Still, the very fact that it happened is monumental, offering a glimmer of hope that care providers who traditionally have worked on their own might work in concert to meet a great, unmet health-care need. Currently, Santa Barbara County has only 16 acute psychiatric care beds where patients deemed to pose a danger to themselves or others can be held against their will. Those beds are provided in the Psychiatric Health Facility (PHF) operated by the county’s Department of Behavioral Wellness. Numerous grand juries over the past 30 years have bemoaned the county’s conspicuous dearth of psychiatric bed space; so too have elected officials and mental-health advocates. But never before have leaders of the major hospitals come together with government officials to do something about it.
According to Terri Maus-Nisich, assistant county administrator, the aim is to get as many as 22 additional beds online. The first meeting was preliminary in the extreme, she said. “We talked about how we could best work together to develop involuntary crisis beds. We don’t have any details worked out, like who does what, where, under what venue, and at what cost to the county,” she said. “Even so, it was huge.”

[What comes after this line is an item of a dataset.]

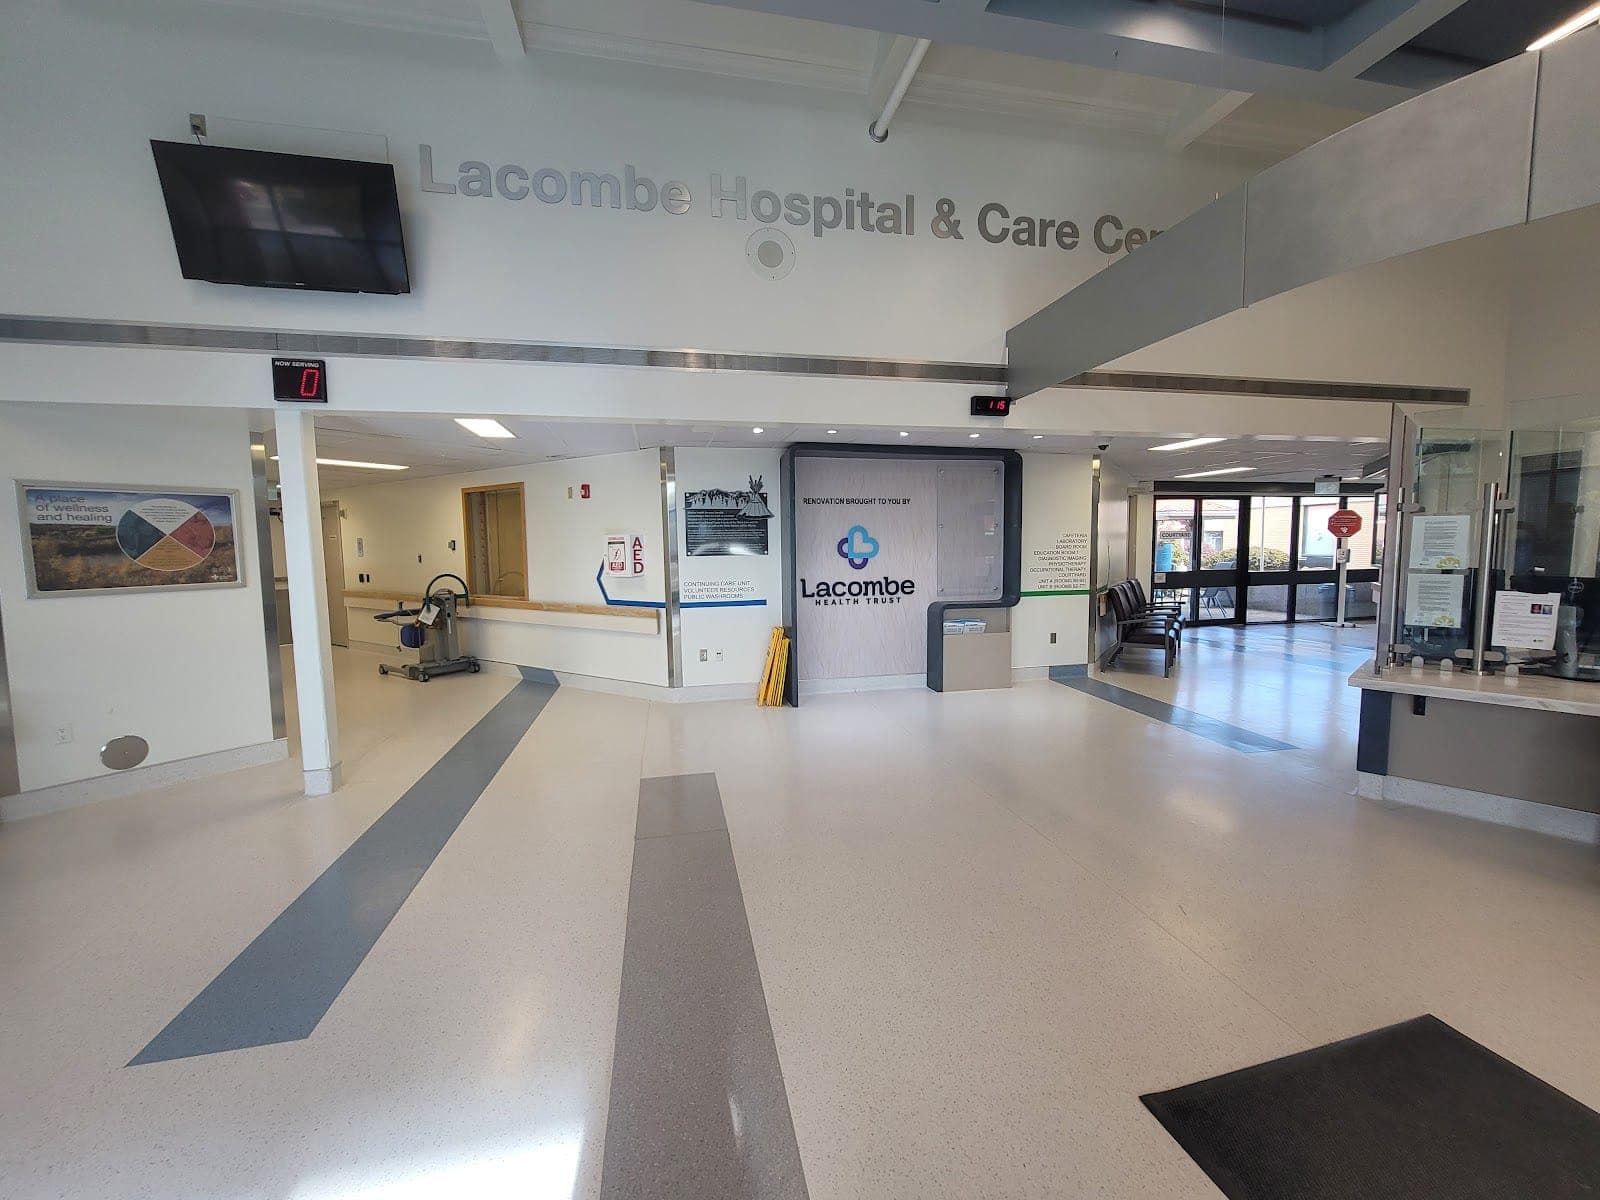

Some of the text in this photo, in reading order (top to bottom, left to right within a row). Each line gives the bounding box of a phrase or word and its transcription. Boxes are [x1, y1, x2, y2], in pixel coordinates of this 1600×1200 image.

For the past eight years, Maus-Nisich and the county have been talking with Marian Regional Medical Center in Santa Maria to convert abandoned hospital space into mental-health care. But those talks have yet to bear fruit. It turns out the space would have to be physically separated to accommodate the two different uses, according to state requirements. It would take 18 months to process such an application, let alone fund it and build it. There’s also been some talk about converting the old Lompoc hospital. Cottage offers 20 beds in its psychiatric wing, but those are strictly for voluntary patients with private insurance. To meet the community needs, any new beds would need to accept federal Medi-Cal payments. “Collaborative discussions are in progress, and we will be happy to discuss at a later date as plans develop,” said Cottage spokesperson Maria Zate.
Word of these talks has been the buzz among mental-health advocates and was mentioned Monday at a meeting for an initiative called Stepping Up, a loose-knit amalgamation of mental-health, law enforcement, and elected officials and advocates trying to keep people with mental illness out of jail. According to statistics released at that meeting, 1,812 of Sheriff’s Office calls originate with people experiencing severe mental-health crisis. On average, each of those calls took 1.2 hours to resolve, often involving as many as two deputies and one supervising sergeant. Of those, 587 involved individuals deemed actively suicidal. Those calls took 1,500 combined service hours to address. These statistics were used to illustrate a pilot program known as “co-response policing,” in which mental-health workers team up with casually dressed deputies in unmarked cars to respond in ways less likely to exacerbate the situation.
Commander Kevin Huddle, the Sheriff’s Office point person for Stepping Up, closed the meeting with this statistic: In 1960, when the United States population was 150 million, there were 600,000 mental-health beds; today, he said, the population is 330 million, and there are 60,000 beds.